Proteins from food are digested into many small pieces – the amino acids. The body converts these into its own proteins. Fish and meat, as well as dairy products and eggs, are rich in protein, albeit in smaller amounts. The best vegetable sources of protein are legumes and soy products.

The German Society for Nutrition recommends a daily protein ration of no more than 0.8 grams per kilogram of body weight. An excess of proteins is metabolized to uric acid, among other things, which puts an unnecessary strain on the kidneys.

You can find out more about protein-containing foods here .


Without fiber, the intestines quickly become congested. The intestinal cleaners swell up and make what is left of the food more transportable. In addition, dietary fiber binds toxins from food and fills you up. However, if you consume a lot of fiber, you have to drink plenty of water. Otherwise there is a risk of constipation.

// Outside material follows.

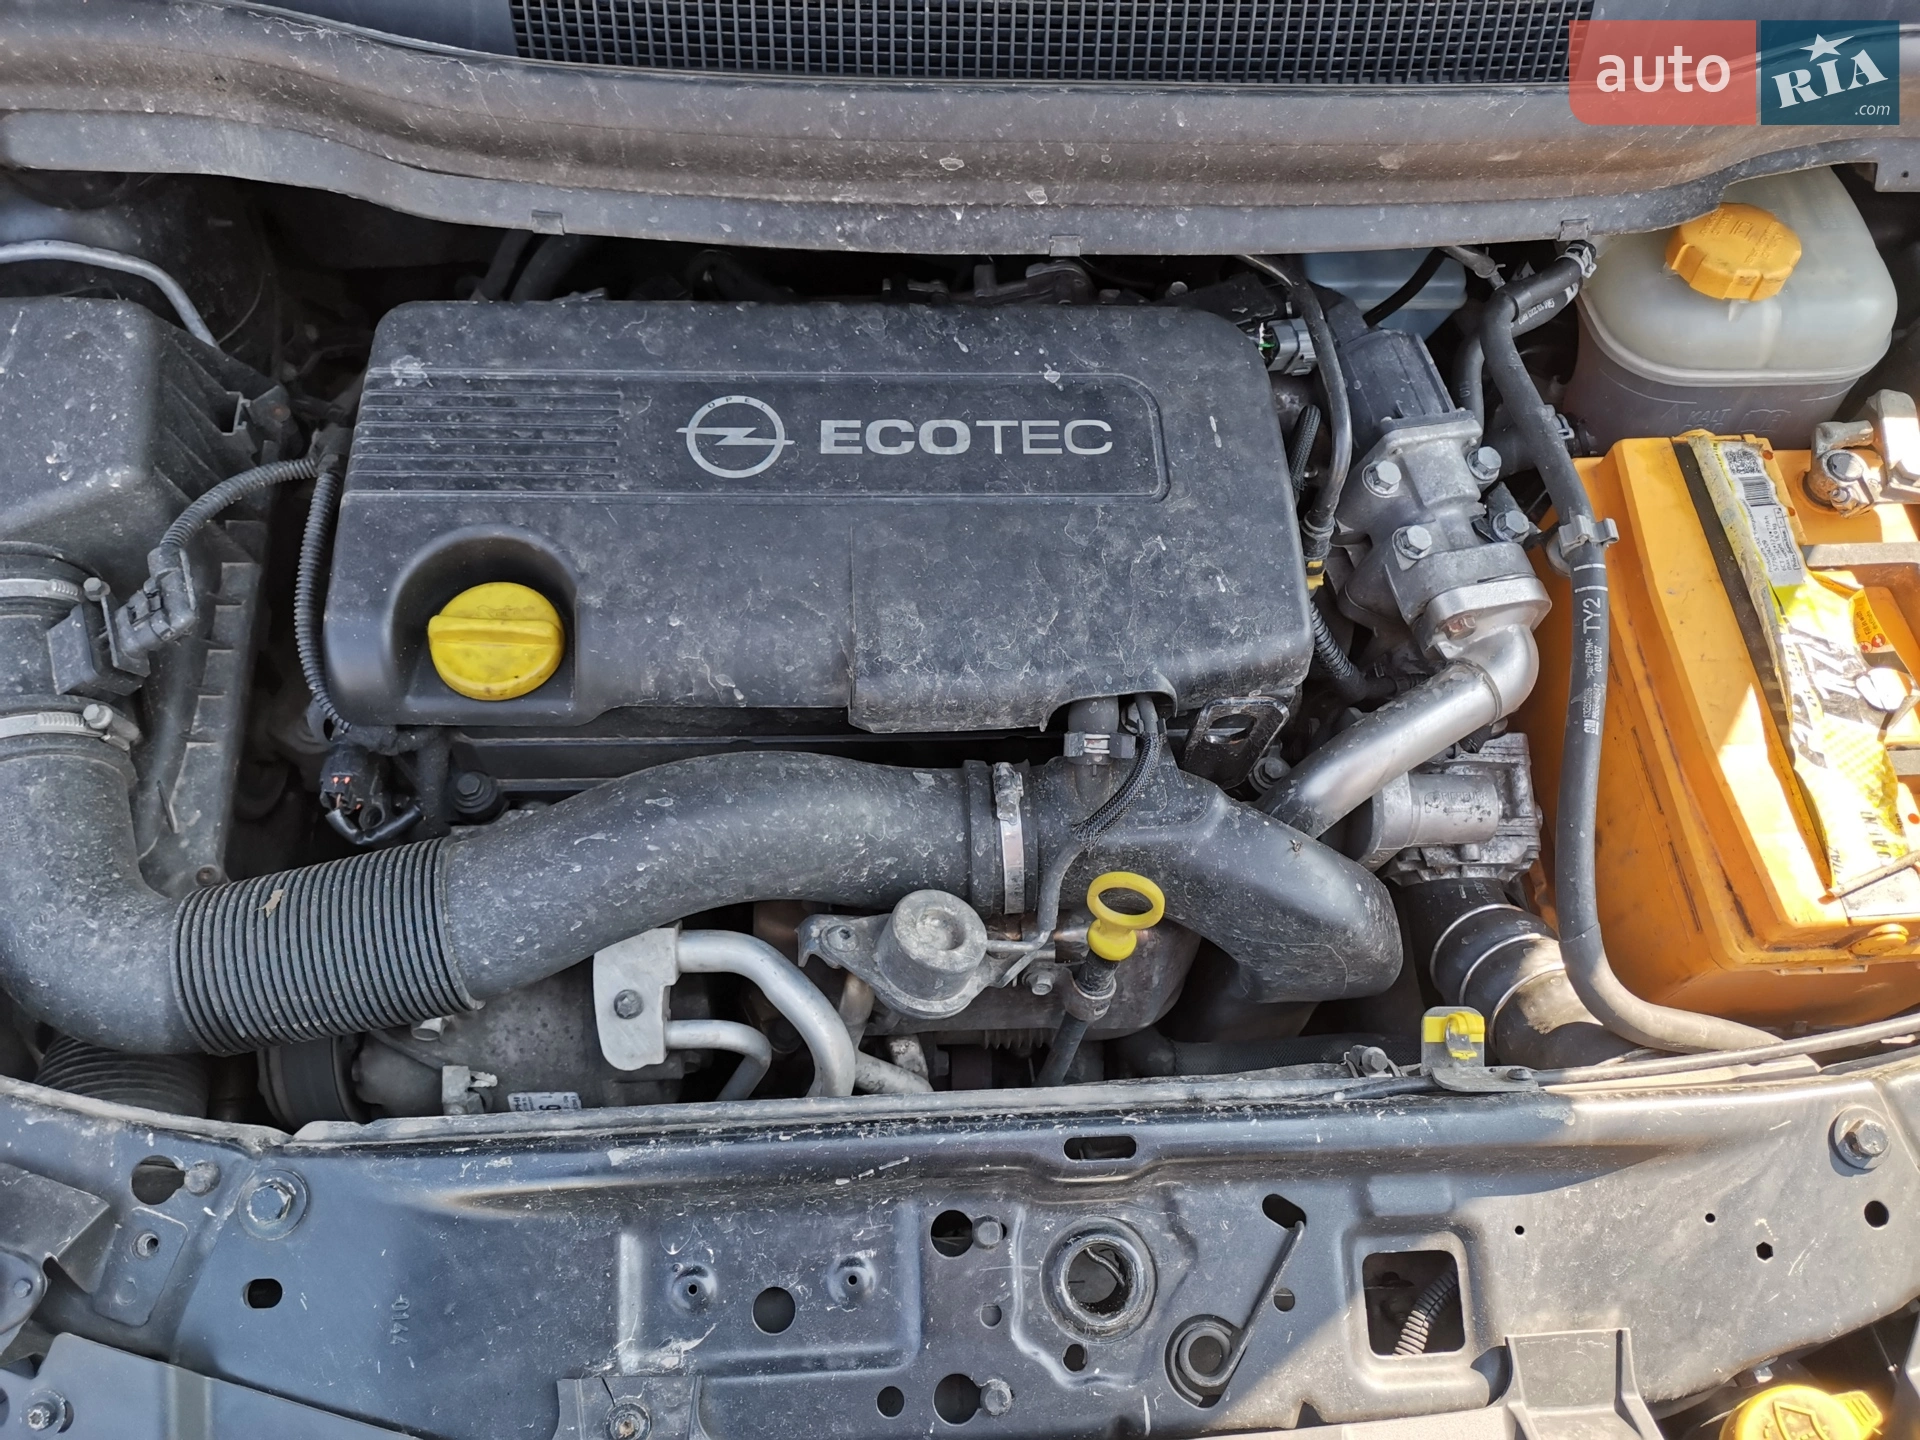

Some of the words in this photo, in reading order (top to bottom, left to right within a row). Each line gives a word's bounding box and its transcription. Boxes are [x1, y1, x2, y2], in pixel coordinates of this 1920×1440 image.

Fiber is only found in plants. Basically, they are large, indigestible sugar molecules that make up the framework of plant cells. Whole grain products are particularly high in fiber. Unlike white flour products, they contain the husks of the grain – and that’s fiber. Legumes, cabbage and dried fruit are also high in fiber.

You can find out more about dietary fiber here .


The body only needs vitamins in tiny amounts. Nevertheless, the 13 vitamins are vital building blocks. With the exception of vitamin D, the body cannot produce them on its own. They must therefore be ingested through food.

Vitamins are involved in all metabolic functions. For example, some scavenge destructive free radicals, others are important for brain function or the immune system .

A vitamin deficiency therefore makes itself felt in a variety of ways. The ability to concentrate suffers, the susceptibility to infections increases, you feel tired and listless, there is a risk of headaches , inflammation or hair loss . However, a real vitamin deficiency is rare in this country. The requirement can be easily covered by a normal mixed diet. Additional vitamin supplements are usually not necessary.

You can find out more about vitamin deficiencies here .

Most vitamins are found in both animal and plant products, but in very different concentrations. Whole grain products, vegetables and fruit and lean milk products are the most valuable suppliers of vitamins.

The B vitamins and vitamin C are water soluble. The body cannot store them in the long term. Excess quantities are flushed out. Therefore, they should be part of the daily diet.

Vitamins A, D, E and K are fat-soluble, can be stored in the tissues and therefore do not have to be consumed every day.

Vitamins are sensitive to light, air and heat. It is therefore best to store fruit and vegetables in the vegetable compartment of the refrigerator or in a cool cellar. Wilted vegetables have hardly any vitamins left. Blast-frozen frozen food is then the better choice.

You can find out more about vitamins here .


The body cannot produce minerals. Like vitamins, he has to absorb them from food. Depending on the amount in which they occur in the body, a distinction is made between bulk elements that make up more than 50 milligrams per kilogram of body weight and trace elements that occur in the body in lower concentrations.

Minerals are necessary for countless processes in the body. Among other things, they are components of enzymes and messenger substances, they regulate the water balance, serve as transport molecules and are important for growth and the immune system.